Part of the blame for this lack of faith goes to Elton Brand and the front office, sure. If Brand makes a move, I believe it will go poorly for the team because I believe he is a bad GM with bad team building instincts (see: Al Horford, $100 million man). But in the time the team has been competitive, who has come into Brown’s system and exceeded expectations? Jimmy Butler clashed with Brown immediately, didn’t perform to his usual standards in the regular season, turned it on in the playoffs, then left for Miami and returned to All-NBA form. Al Horford had his talent drained by the Monstars. Tobias Harris and Josh Richardson, whose talents seemed to be ascending when the Sixers acquired them, have stagnated and regressed, respectively.

The Pacers, Raptors, and in prior seasons Heat and Nets always frustrated me because, while lacking elite talents like Joel Embiid and Ben Simmons, they played the Sixers close and outperformed what you’d expect from them on paper. They found guys like Victor Oladipo, Fred Van Vleet, the Heat version of Richardson, and Spencer Dinwiddie from the NBA scrap heap, late picks on bargain second contracts, or rehab projects, and made them valuable NBA contributors, guys who can hold their own in the playoffs (and in Oladipo’s case, a star). They seemed to have full teams of these type of guy. The closest thing the Sixers have to this is Shake Milton, who got too big for his britches and seemingly wanted to fight Embiid in the first seeding game, and maybe Furkan Korkmaz.
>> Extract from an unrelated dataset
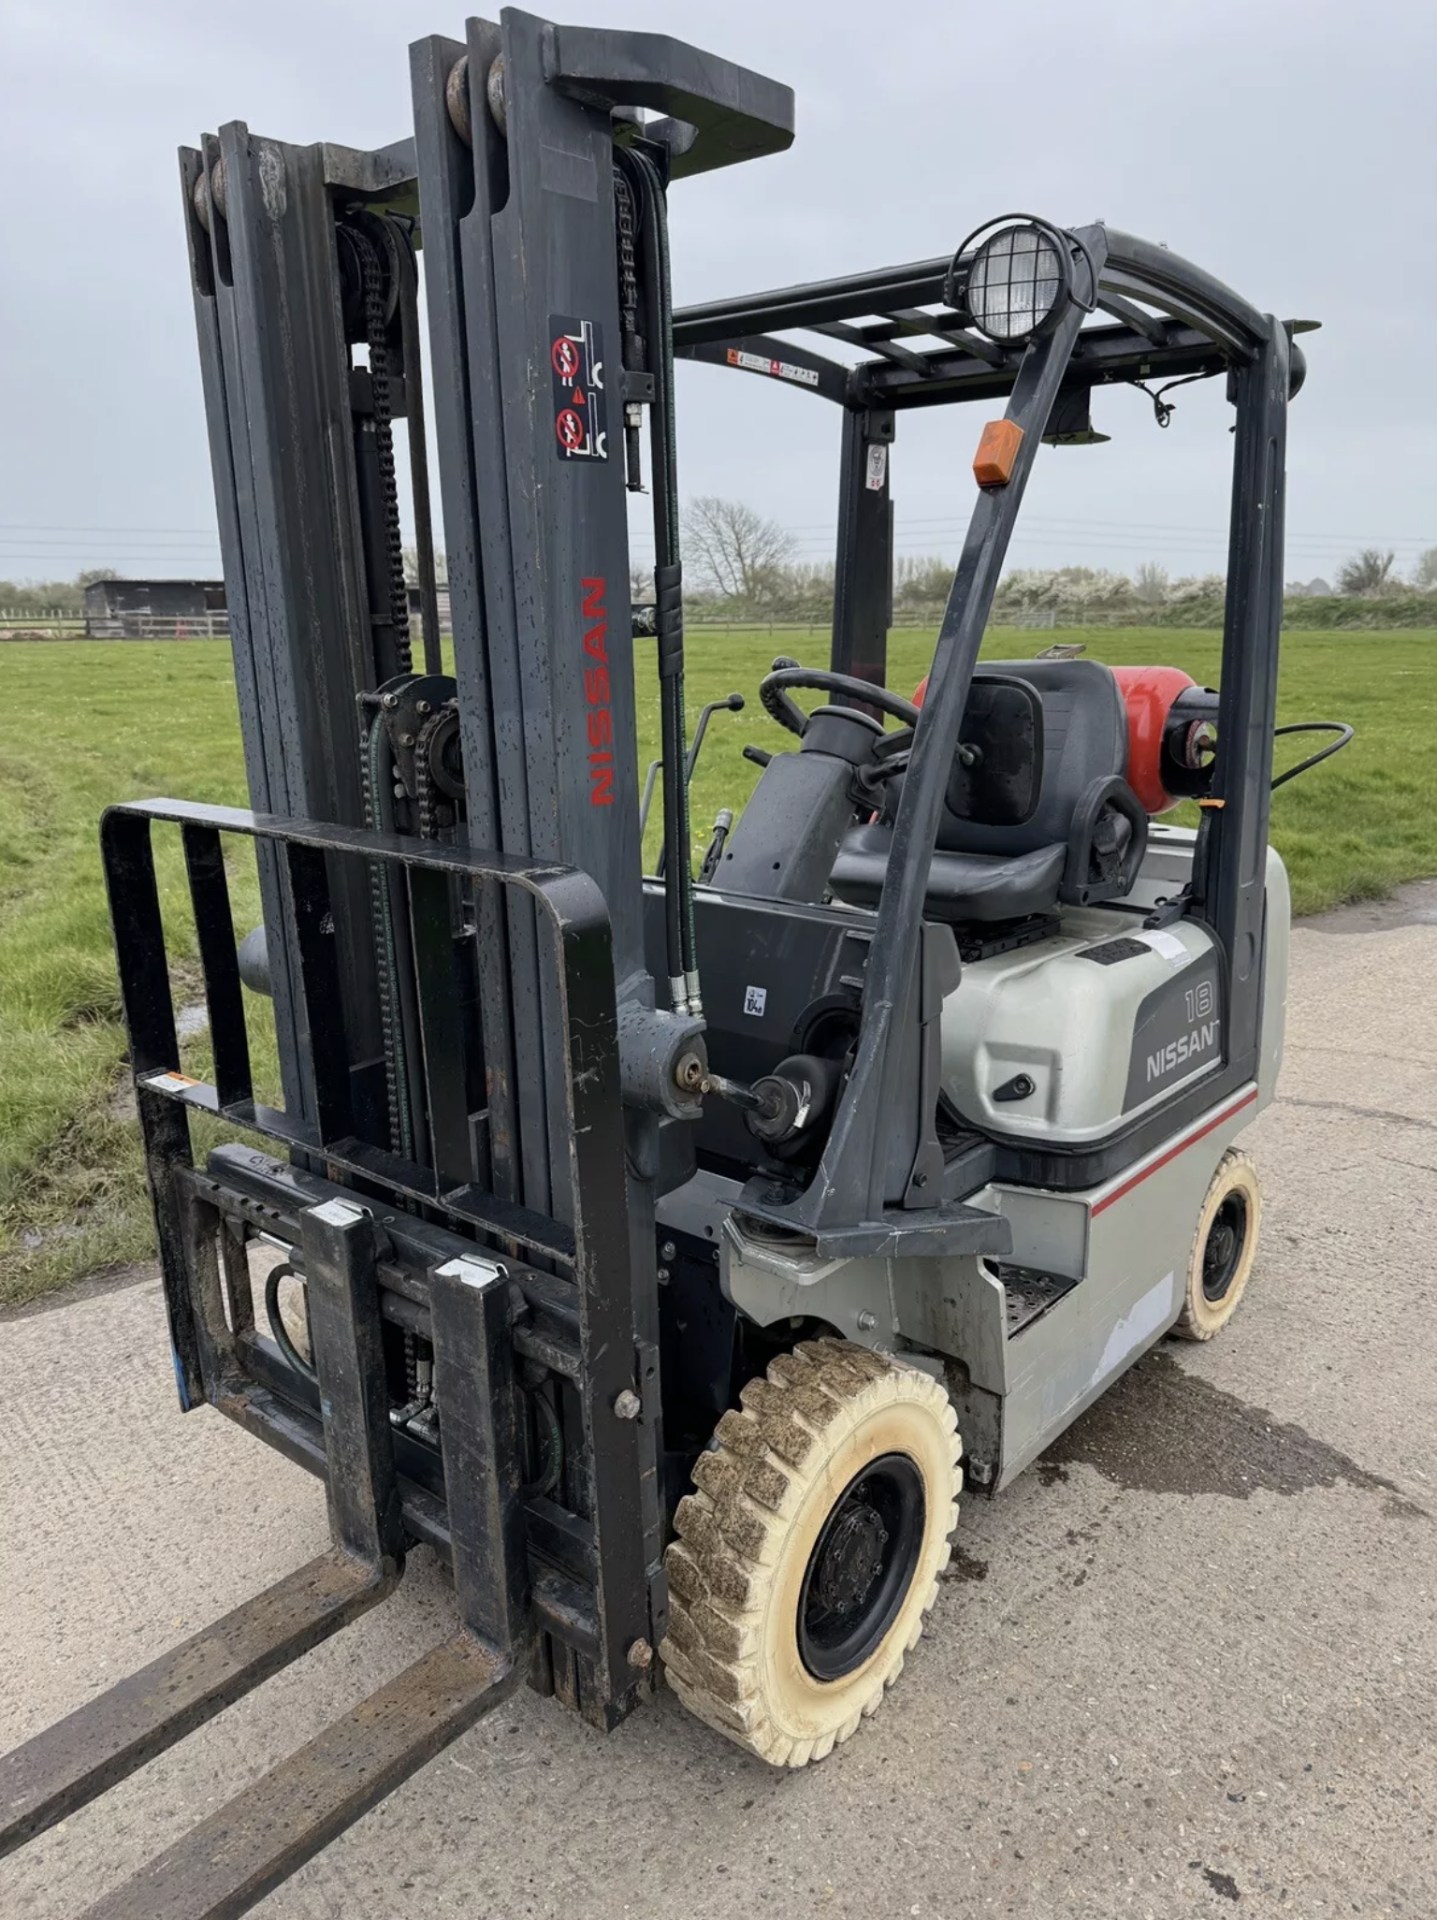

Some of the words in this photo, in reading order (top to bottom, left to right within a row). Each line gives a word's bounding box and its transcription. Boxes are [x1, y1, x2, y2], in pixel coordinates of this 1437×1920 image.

Seeing Trey Burke, who the team cut, go for 31 points for the Mavs after contributing nothing for the Sixers doesn’t help this feeling, though that was of course only one game.

Again, a large part of the blame for this goes to Brand, who is horrible at his job, but at some point the lack of development for non-stars across the board is glaring, and the gap between how good the team should be on paper and how often mediocre they play (not to mention how absolutely miserable they are to watch) has to fall on Brown. The team never plays above its level, and while playoff series are traditionally won by the team with the best player, there are a lot of great players in the NBA right now, and to win a title you need your Van Vleets, Robert Horrys, Derrick Fishers, and Shane Battiers to come through. Under Brown, I have no confidence that that will happen for the Sixers. That realization, coupled with the team’s complete lack of adjustment to TJ Warren that helped him get to 53 points on Saturday, leave me feeling like the team has no choice but to move on from.

Admittedly, I’m late to the party on this. I thought Brown’s treatment by fans and media was unfair, that he deserved the chance to go after the title after suffering through the lean years. Subconsciously I thought his charm and affability had to help him get his message through to the players. I was wrong about that.He seems to have been tuned out, negating what was likely his best quality as a coach.

A couple years ago, the Sixers brought in Mike D’Antoni mid-season as the “offensive coordinator.” D’Antoni rose to fame as coach of Steve Nash’s Seven Seconds or Less Suns, before flaming out as Knicks coach when he couldn’t get Carmelo to buy into his system. He’s now the coach of the Rockets, and has completely changed his system from the fast, enjoyable Suns version to an iso-heavy slog that maximizes his star, James Harden’s, skill set. D’Antoni has yet to prove himself by winning a title in Phoenix or Houston, but that ability to change the system to maximize what he gets from his stars would sure be interesting on the weirdly-constructed Sixers right now. The Nets fired Kenny Atkinson, who last year got the team to play well enough with a bunch of relative no-names that they became a viable destination for Kyrie Irving and Kevin Durant. Hopefully Sixers next coach can do a little of both for them.